Core assignment optimizer 322 may optimize load balancing between P-Cores 312 and E-Cores 314 while keeping the operations power efficient. Power consumption is another parameter to be considered, for example how well SoC 308 performs under stress, as it eventually controls the energy consumed and impacts the total operating cost. Core assignment optimizer 322 may initially perform core selection/assignment based on the user requirements and other inputs. Core assignment optimizer 322 may tweak the assignments dynamically based on hardware resource availability while providing the best performance within the given power budget and improving the performance per watt as well as the longevity of SoC 308. Core assignment optimizer 322 may adjust assignments to avoid overuse of one core or class of cores over the other(s). Core assignment optimizer 322 may first consider the initial setting by the user for performance or power and adjust the assignments based on system conditions, core parameters, and the like over time.
For any workload that runs on a hybrid architecture, the workload may be scheduled on P-cores 312 and/or E-cores 314 based on the performance required and the power budget. The P-Code in firmware stack 324 may perform core profiling based on parameters like thermals, efficiency, reliability and fault tolerance. Feedback may be provided to PMU 334 and/or core assignment optimizer 322 via advanced configuration and power interface (ACPI) tables to enable scheduling or switching the workload from one core or module to another based on differing characteristics and parameters such as single-thread/multi-thread workloads, short or long running job and the like. By analyzing the different power profiles of each core statistically, core assignment optimizer 322 may best optimize core assignment and usage. User input 306 may select between a performance or power-oriented setting at a deeper granularity than what is available in OS today, for the same available hybrid cores, which will then work in the background to optimize the usage and allocation of cores in a hybrid core architecture.
Microcontroller 316 and power management unit 318 of SoC 308 may measure parameters such as fault tolerance and reliability relative to thermal aging of a core over a period based on telemetry data and accordingly, perform heuristic profiling for the selection of the optimal core for a workload.
Core assignment optimizer 322 may use specific configuration of motherboard 302 to balance power efficiency relative to performance and workload type, in that, the net power consumed by 1 P-Core may be less than 4 E-Cores. On the other hand, increasing P-Core count by 1 more could change the equation. P-Cores and E-Cores may be optimized at different efficiency points (performance/power) with P-Cores being more efficient at higher power and E-Cores being more efficient at lower power. The cross-over between the two core types depends on the product configuration. For example, multi-threaded (MT) performance may be improved by using E-Cores that are optimized for performance per mm2. If E-Cores have better MT performance per mm2 than P-Cores, systems with hybrid or heterogeneous cores allows for better performance with higher energy efficiencies and allows core performance to be optimized across different workloads.
By considering power/performance profiles of the cores, the best-in-class performance per watt may be achieved. For example, in situations where users need performance but at the same time cannot afford to damage the SoC to meet the performance requirements or drain the battery of the computing system, system characteristics may be used to select the most optimal core for each workload.

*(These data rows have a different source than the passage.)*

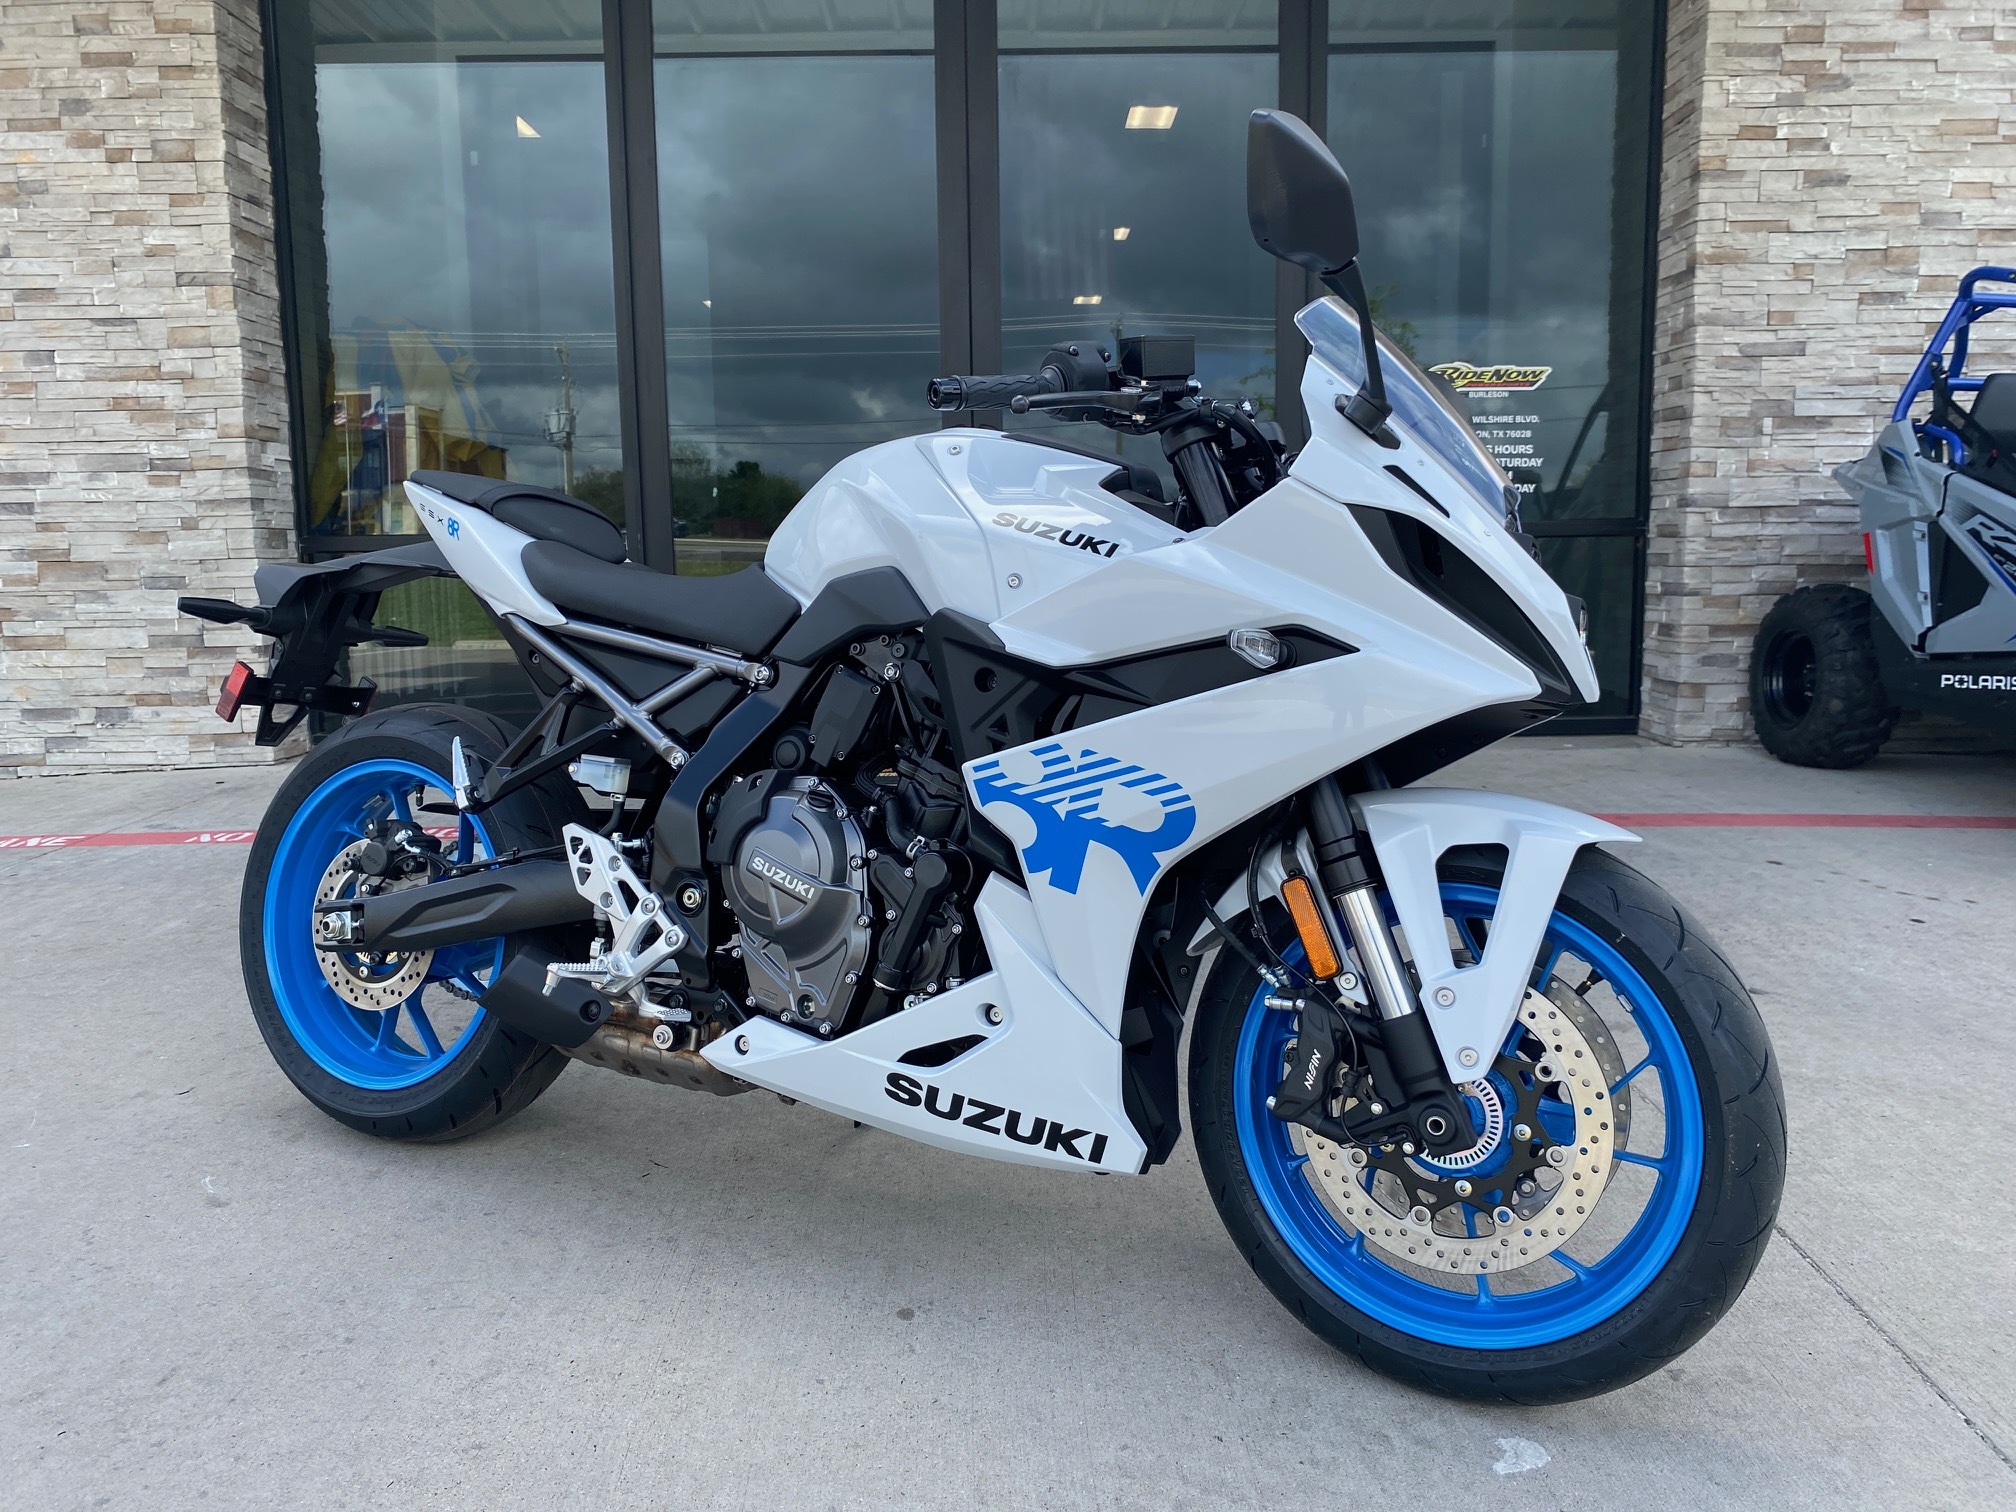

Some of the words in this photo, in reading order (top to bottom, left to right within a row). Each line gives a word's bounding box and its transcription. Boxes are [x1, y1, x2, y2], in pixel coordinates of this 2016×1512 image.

[1472, 415, 1514, 424] WILSHIRE
[1515, 415, 1540, 424] BLVD.
[1492, 430, 1504, 438] TX
[1505, 430, 1532, 438] 76028
[1494, 444, 1534, 454] HOURS
[992, 512, 1120, 558] SUZUKI
[751, 856, 815, 899] SUZUKI
[1303, 1048, 1322, 1091] NISSIN
[884, 1072, 1109, 1164] SUZUKI
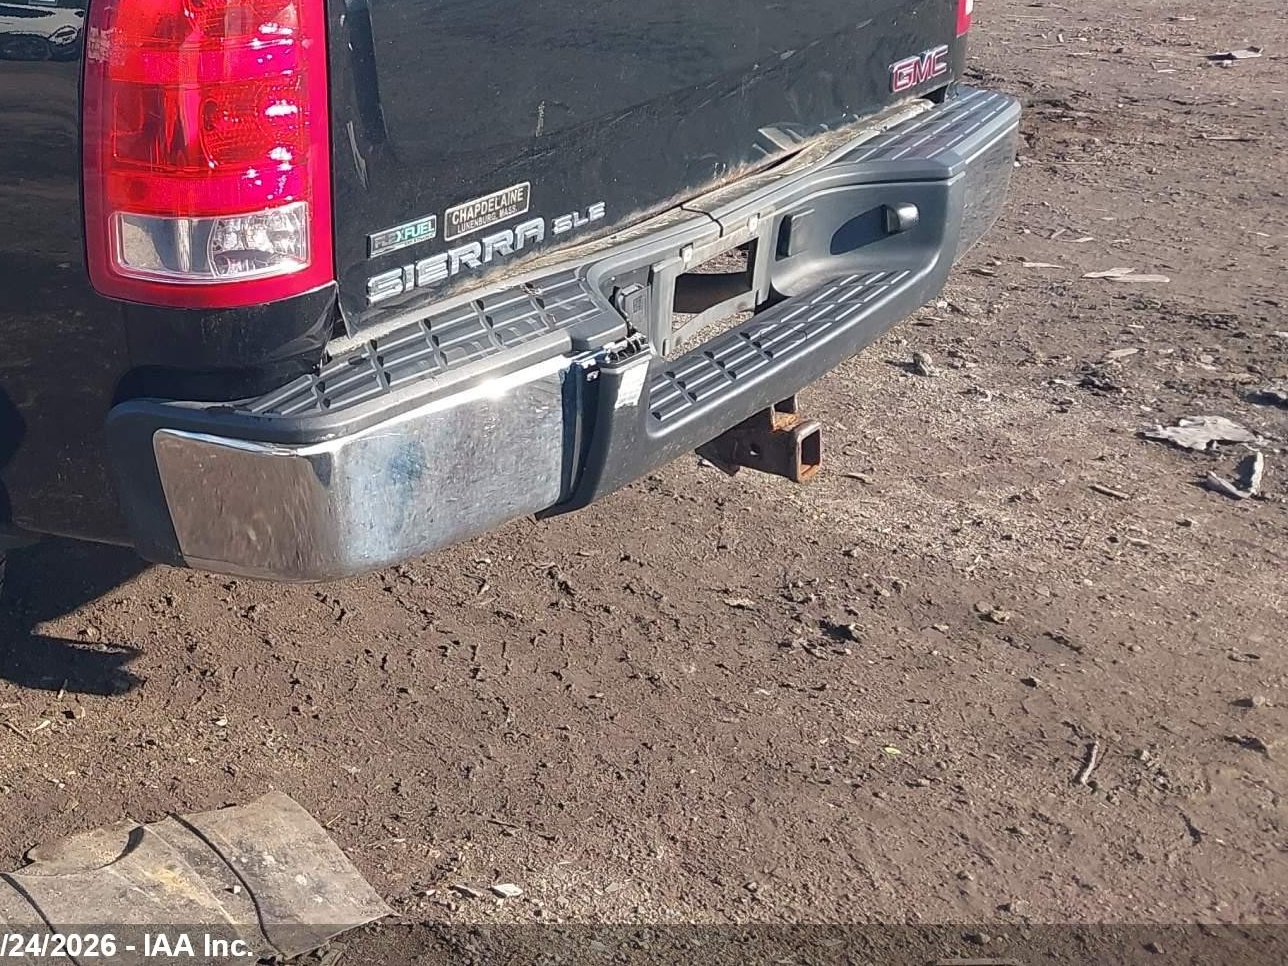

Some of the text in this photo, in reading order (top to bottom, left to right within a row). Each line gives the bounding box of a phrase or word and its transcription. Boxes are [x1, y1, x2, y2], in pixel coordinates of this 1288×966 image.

[890, 45, 949, 92] GMC
[452, 187, 524, 225] CHAPDELAINE
[367, 201, 605, 305] SIERRA SLE

Although described as P-Cores and E-Cores in computing system 300, a system with any number and type of heterogeneous cores may benefit from techniques disclosed herein. Heterogeneous cores may be described as cores with differing capabilities such as throughput, instructions per cycle, wattage use, thermal results, power envelope, instruction set capabilities, and the like resulting in different power and performance profiles.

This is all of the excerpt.